* WORK ITEM *
Write each line exactly as it stands, from the line containing "this 1600×1205 image." through the end of the data.
•••
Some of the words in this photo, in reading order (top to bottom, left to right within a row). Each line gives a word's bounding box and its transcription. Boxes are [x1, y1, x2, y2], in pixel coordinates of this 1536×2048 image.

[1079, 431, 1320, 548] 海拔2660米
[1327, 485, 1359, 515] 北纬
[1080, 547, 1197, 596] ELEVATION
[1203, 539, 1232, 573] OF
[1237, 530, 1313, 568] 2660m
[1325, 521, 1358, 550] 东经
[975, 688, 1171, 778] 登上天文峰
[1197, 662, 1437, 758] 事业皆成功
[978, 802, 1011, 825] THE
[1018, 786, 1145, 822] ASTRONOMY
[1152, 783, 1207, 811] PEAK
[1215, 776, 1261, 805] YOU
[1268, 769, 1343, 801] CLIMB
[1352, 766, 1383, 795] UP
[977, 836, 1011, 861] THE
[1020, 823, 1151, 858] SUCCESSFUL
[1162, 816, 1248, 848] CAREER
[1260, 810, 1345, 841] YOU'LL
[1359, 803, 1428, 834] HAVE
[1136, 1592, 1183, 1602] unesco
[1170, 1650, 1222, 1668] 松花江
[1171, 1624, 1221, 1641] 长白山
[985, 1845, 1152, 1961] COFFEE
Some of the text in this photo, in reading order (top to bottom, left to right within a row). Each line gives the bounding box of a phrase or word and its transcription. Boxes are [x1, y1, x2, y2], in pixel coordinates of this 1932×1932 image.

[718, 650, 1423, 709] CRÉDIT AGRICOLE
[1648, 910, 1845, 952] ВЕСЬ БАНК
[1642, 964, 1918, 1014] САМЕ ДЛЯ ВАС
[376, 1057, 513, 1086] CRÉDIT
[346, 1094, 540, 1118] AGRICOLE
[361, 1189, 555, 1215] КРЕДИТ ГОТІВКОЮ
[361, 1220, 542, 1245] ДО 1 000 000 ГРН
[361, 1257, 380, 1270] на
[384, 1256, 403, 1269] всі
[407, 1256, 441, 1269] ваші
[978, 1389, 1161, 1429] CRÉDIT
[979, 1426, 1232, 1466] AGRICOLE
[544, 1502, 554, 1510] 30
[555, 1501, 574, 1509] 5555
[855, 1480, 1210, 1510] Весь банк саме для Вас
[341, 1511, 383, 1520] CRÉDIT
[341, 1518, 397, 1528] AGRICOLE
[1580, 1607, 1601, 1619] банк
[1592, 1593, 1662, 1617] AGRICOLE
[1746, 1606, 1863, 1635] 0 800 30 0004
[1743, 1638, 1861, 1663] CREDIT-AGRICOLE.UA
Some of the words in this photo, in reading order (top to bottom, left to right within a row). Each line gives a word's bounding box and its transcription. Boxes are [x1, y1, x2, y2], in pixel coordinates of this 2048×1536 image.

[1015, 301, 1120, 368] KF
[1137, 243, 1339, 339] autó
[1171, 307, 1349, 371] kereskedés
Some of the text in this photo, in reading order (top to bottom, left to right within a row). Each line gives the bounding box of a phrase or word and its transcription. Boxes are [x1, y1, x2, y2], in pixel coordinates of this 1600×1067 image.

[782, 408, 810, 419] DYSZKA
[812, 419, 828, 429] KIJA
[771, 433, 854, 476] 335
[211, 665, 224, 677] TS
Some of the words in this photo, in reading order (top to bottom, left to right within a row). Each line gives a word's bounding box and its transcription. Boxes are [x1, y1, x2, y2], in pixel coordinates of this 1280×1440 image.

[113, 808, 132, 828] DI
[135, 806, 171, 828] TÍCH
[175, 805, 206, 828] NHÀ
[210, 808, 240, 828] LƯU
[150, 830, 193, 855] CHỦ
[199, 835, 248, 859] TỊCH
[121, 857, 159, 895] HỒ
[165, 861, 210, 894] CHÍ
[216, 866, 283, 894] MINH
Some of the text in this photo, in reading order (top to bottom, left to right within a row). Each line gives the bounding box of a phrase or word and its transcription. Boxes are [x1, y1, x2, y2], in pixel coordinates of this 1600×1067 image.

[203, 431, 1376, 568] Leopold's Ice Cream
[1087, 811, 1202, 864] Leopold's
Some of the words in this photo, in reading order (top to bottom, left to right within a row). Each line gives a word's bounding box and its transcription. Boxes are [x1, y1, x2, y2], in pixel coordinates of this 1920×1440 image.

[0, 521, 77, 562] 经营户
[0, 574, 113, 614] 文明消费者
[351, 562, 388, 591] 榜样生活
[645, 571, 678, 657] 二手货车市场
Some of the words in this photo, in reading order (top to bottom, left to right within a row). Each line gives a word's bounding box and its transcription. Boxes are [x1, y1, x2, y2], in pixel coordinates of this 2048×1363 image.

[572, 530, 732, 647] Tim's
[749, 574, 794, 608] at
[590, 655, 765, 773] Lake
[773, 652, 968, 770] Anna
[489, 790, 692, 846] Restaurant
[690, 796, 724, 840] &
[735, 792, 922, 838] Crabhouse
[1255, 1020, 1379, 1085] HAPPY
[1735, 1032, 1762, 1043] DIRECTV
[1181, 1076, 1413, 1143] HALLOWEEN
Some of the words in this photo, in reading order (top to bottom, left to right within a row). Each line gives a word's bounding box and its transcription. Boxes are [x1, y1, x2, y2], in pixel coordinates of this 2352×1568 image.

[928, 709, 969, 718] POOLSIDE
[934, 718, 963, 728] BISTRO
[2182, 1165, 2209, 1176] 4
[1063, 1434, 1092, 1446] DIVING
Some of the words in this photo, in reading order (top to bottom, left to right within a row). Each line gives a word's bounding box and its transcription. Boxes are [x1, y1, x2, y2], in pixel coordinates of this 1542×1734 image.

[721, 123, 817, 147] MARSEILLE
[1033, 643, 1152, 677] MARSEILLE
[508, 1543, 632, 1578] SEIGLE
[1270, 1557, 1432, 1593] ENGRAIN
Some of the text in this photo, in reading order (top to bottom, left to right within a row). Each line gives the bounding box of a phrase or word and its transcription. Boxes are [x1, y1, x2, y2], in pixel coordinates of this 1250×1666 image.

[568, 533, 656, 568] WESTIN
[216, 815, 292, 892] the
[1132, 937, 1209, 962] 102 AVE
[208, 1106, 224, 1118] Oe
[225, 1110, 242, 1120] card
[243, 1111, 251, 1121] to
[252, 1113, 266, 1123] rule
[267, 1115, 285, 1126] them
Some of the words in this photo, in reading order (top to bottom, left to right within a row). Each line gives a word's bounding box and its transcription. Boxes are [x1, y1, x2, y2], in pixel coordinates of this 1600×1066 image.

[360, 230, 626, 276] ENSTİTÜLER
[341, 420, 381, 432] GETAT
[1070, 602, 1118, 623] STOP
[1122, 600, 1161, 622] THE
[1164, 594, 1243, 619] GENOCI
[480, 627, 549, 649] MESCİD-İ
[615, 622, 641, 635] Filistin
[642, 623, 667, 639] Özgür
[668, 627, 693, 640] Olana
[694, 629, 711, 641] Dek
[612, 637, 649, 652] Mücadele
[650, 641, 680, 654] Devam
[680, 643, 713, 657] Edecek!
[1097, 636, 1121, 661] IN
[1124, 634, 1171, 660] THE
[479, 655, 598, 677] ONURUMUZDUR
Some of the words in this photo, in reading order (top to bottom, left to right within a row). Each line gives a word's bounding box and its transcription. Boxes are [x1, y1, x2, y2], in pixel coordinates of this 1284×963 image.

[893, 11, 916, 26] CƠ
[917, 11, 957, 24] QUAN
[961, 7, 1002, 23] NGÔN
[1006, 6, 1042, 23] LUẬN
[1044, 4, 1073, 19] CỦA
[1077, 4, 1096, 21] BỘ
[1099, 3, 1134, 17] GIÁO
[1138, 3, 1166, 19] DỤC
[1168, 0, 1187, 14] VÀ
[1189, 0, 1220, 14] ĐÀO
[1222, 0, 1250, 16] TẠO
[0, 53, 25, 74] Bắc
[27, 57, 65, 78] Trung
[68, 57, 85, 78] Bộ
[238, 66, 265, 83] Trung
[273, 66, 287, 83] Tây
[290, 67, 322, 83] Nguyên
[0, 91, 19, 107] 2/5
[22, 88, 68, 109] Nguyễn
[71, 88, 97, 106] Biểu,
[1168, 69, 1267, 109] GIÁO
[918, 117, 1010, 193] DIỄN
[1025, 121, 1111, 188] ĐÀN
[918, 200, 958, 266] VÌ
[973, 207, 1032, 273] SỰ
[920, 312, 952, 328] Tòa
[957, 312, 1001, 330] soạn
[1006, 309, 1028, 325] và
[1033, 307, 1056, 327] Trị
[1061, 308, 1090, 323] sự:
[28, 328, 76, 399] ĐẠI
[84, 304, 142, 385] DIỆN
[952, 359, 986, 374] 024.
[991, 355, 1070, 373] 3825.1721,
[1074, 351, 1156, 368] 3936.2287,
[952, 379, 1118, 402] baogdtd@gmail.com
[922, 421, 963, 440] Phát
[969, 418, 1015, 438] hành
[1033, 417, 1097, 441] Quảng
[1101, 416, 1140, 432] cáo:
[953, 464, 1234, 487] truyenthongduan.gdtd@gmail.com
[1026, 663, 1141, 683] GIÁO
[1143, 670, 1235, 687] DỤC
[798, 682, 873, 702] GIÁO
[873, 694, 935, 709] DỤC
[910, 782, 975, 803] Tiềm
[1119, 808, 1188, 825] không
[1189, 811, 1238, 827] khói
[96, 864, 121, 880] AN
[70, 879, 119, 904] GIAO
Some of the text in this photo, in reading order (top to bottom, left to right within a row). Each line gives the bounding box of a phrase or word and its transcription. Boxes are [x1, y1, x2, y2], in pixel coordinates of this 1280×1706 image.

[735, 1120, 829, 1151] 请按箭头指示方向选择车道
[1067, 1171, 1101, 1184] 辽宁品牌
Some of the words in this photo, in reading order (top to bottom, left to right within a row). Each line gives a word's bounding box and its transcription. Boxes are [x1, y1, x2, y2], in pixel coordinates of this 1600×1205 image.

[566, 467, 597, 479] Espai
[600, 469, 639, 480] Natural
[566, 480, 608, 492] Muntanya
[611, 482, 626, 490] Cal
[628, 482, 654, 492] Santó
•••
* TASK RESULT *
Some of the words in this photo, in reading order (top to bottom, left to right within a row). Each line gives a word's bounding box and its transcription. Boxes are [x1, y1, x2, y2], in pixel coordinates of this 1600×1205 image.

[566, 467, 597, 479] Espai
[600, 469, 639, 480] Natural
[566, 480, 608, 492] Muntanya
[611, 482, 626, 490] Cal
[628, 482, 654, 492] Santó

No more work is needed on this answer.